Whole Foods (or more popularly, Whole Paycheck) Market is a wondrous place. For a foodie, walking through a Whole Foods elicits the same slack-jawed astonishment and effervescent glee as a child entering the Chocolate Room at the Wonka factory. New wonders await around every turn, all organic, natural, and priced for people who can afford to care. Organic? For $8.00 a pound, those chicken breasts had better be orgasmic. But anyplace that lets you grind your own peanut butter, almond butter, or peanut/chocolate butter and offers real maple syrup and olive oil in the bulk foods section gets a silver star in my book.
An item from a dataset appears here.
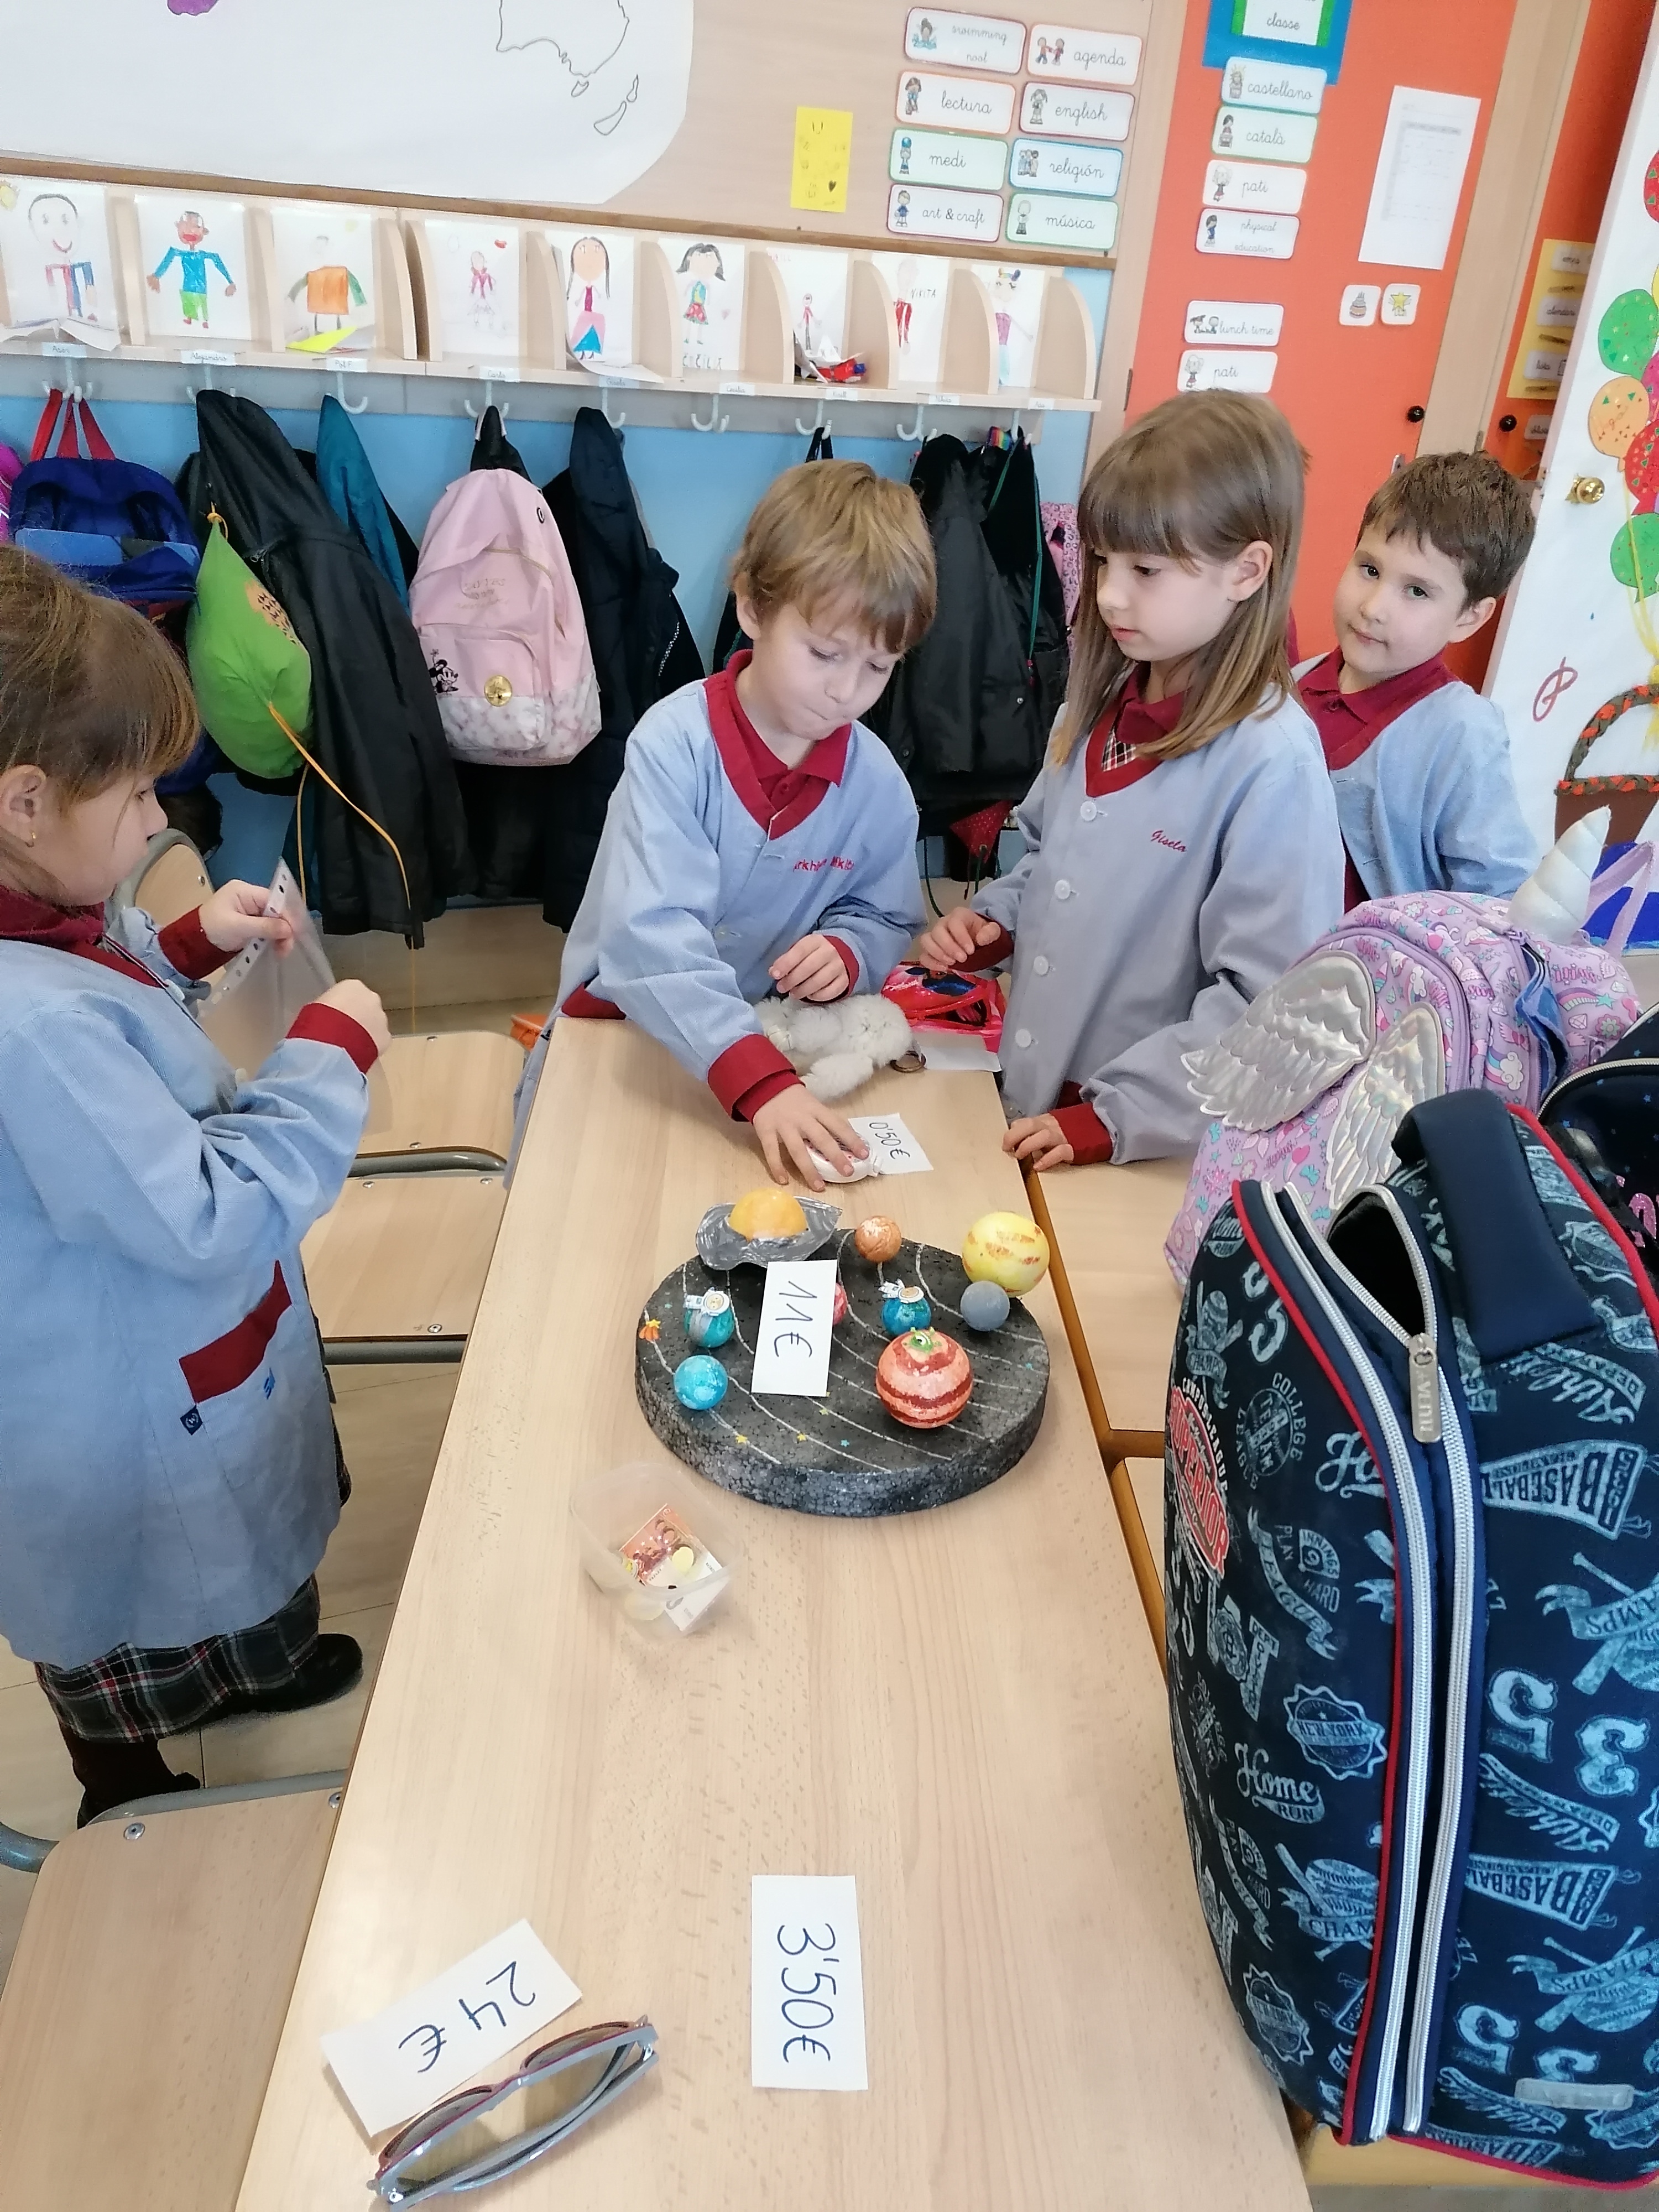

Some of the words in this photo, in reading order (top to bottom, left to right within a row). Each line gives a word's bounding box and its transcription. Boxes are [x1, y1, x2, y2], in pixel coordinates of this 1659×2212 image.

The bulk foods aisle is like something out of a science fiction film. Row after row of lucite canisters line the shelves, each offering up some exotic grain, dried whoozit or yogurt-covered whatzit. In fact, last night while searching for some bulk Soylent Green (every bit as good as the brand-name stuff, no matter what the rumors say about what goes into it), I stopped short. I'd never really thought about it before, but I'd just assumed that QUADRATRITICALE, the favored grain of tribbles, was a construct of David Gerrold's imagination. But there in front of me was a grain-filled canister labeled TRITICALE. It was like a clueless M*A*S*H viewer learning, years later, that while there was no 4077th unit, there were in fact mobile army surgical hospitals in Korea.
I gave the canister a raised eyebrow any Vulcan would have been proud of and moved on to the $6.99/lb hot food bar.